◆ EXERCISE ◆
Give back all of the data exactly, with every picture omitted.

Stored data entries:
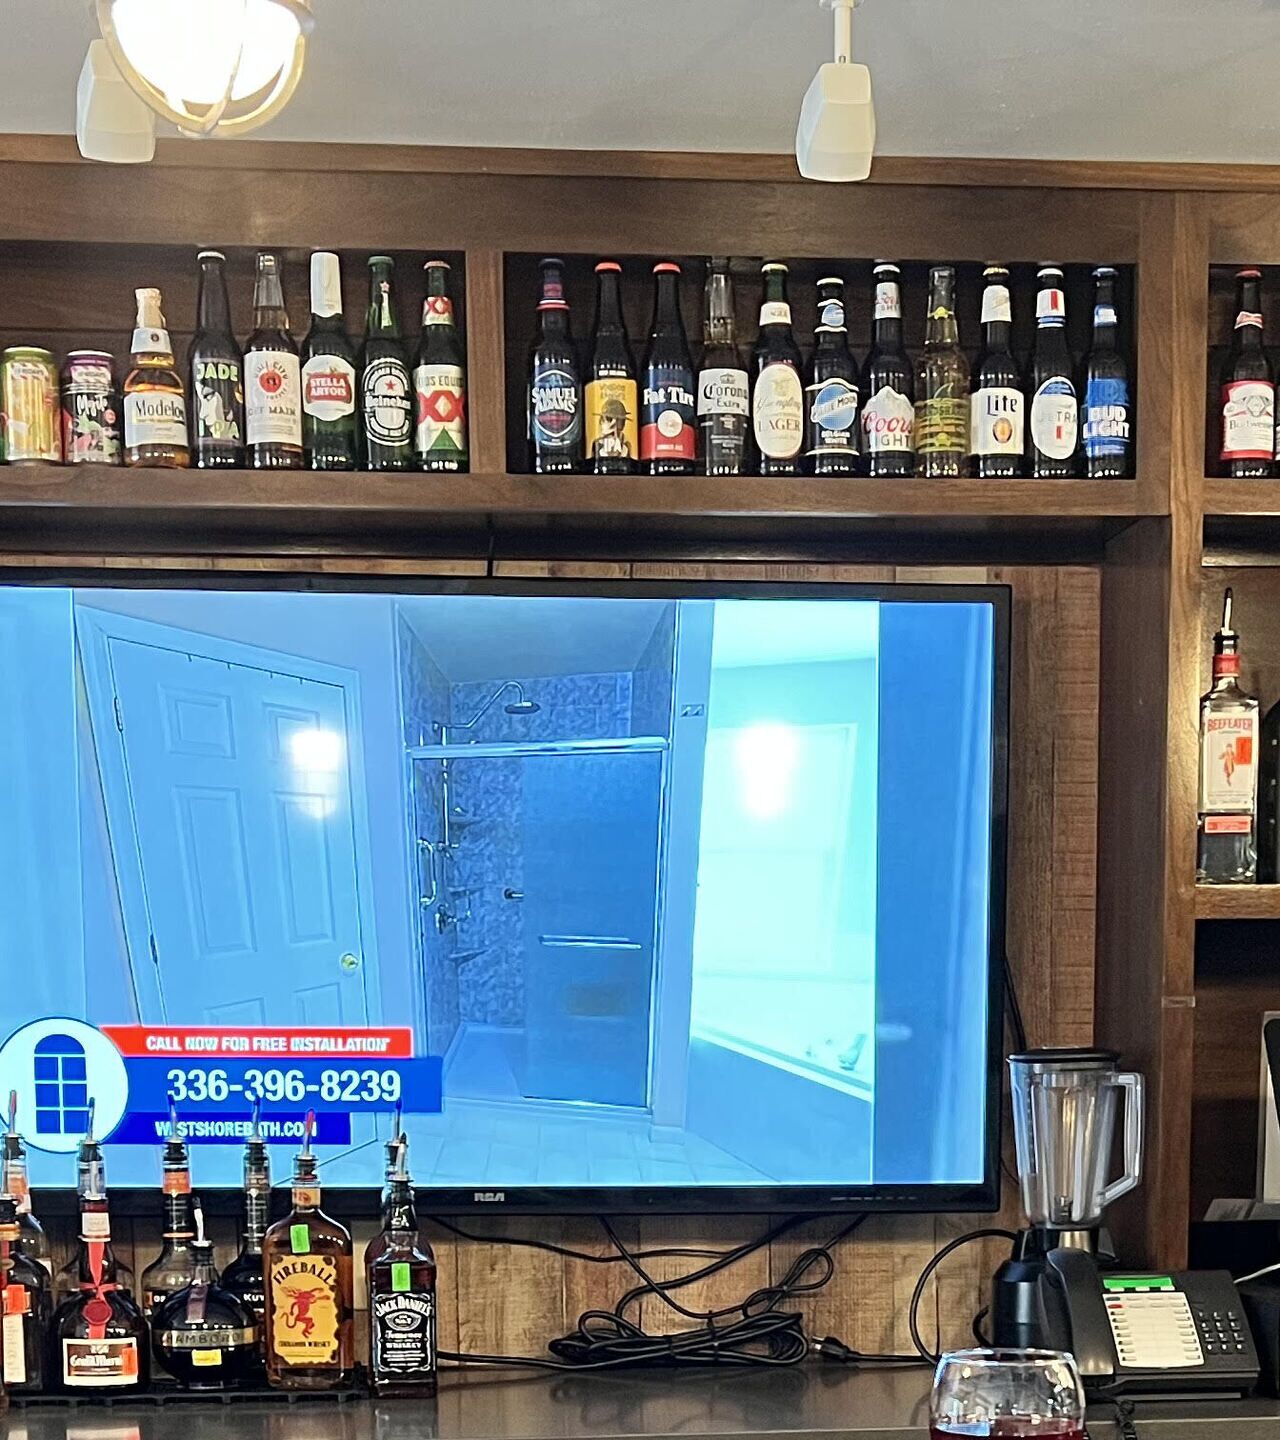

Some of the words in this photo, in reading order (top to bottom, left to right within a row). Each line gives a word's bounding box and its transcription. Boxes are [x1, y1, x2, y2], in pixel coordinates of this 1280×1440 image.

[196, 363, 238, 382] JADE
[310, 378, 346, 388] STELLA
[532, 386, 578, 403] SAMUEL
[643, 387, 666, 405] Fat
[535, 399, 576, 414] ADAMS
[986, 394, 1018, 417] Lite
[1089, 405, 1126, 422] BUD
[1083, 421, 1130, 439] LIGHT
[1207, 718, 1253, 732] BEEFEATER
[146, 1035, 182, 1052] CALL
[184, 1035, 219, 1052] NOW
[221, 1036, 249, 1052] FOR
[252, 1036, 288, 1052] FREE
[167, 1068, 401, 1102] 336-396-8239
[474, 1192, 505, 1202] RCA
[272, 1261, 336, 1286] FIREBALL
[375, 1299, 398, 1317] JACK
[397, 1294, 433, 1315] DANIEL'S
[385, 1341, 422, 1349] WHISKEY

◆ RESPONSE ◆
Some of the words in this photo, in reading order (top to bottom, left to right within a row). Each line gives a word's bounding box and its transcription. Boxes are [x1, y1, x2, y2], in pixel coordinates of this 1280×1440 image.

[196, 363, 238, 382] JADE
[310, 378, 346, 388] STELLA
[532, 386, 578, 403] SAMUEL
[643, 387, 666, 405] Fat
[535, 399, 576, 414] ADAMS
[986, 394, 1018, 417] Lite
[1089, 405, 1126, 422] BUD
[1083, 421, 1130, 439] LIGHT
[1207, 718, 1253, 732] BEEFEATER
[146, 1035, 182, 1052] CALL
[184, 1035, 219, 1052] NOW
[221, 1036, 249, 1052] FOR
[252, 1036, 288, 1052] FREE
[167, 1068, 401, 1102] 336-396-8239
[474, 1192, 505, 1202] RCA
[272, 1261, 336, 1286] FIREBALL
[375, 1299, 398, 1317] JACK
[397, 1294, 433, 1315] DANIEL'S
[385, 1341, 422, 1349] WHISKEY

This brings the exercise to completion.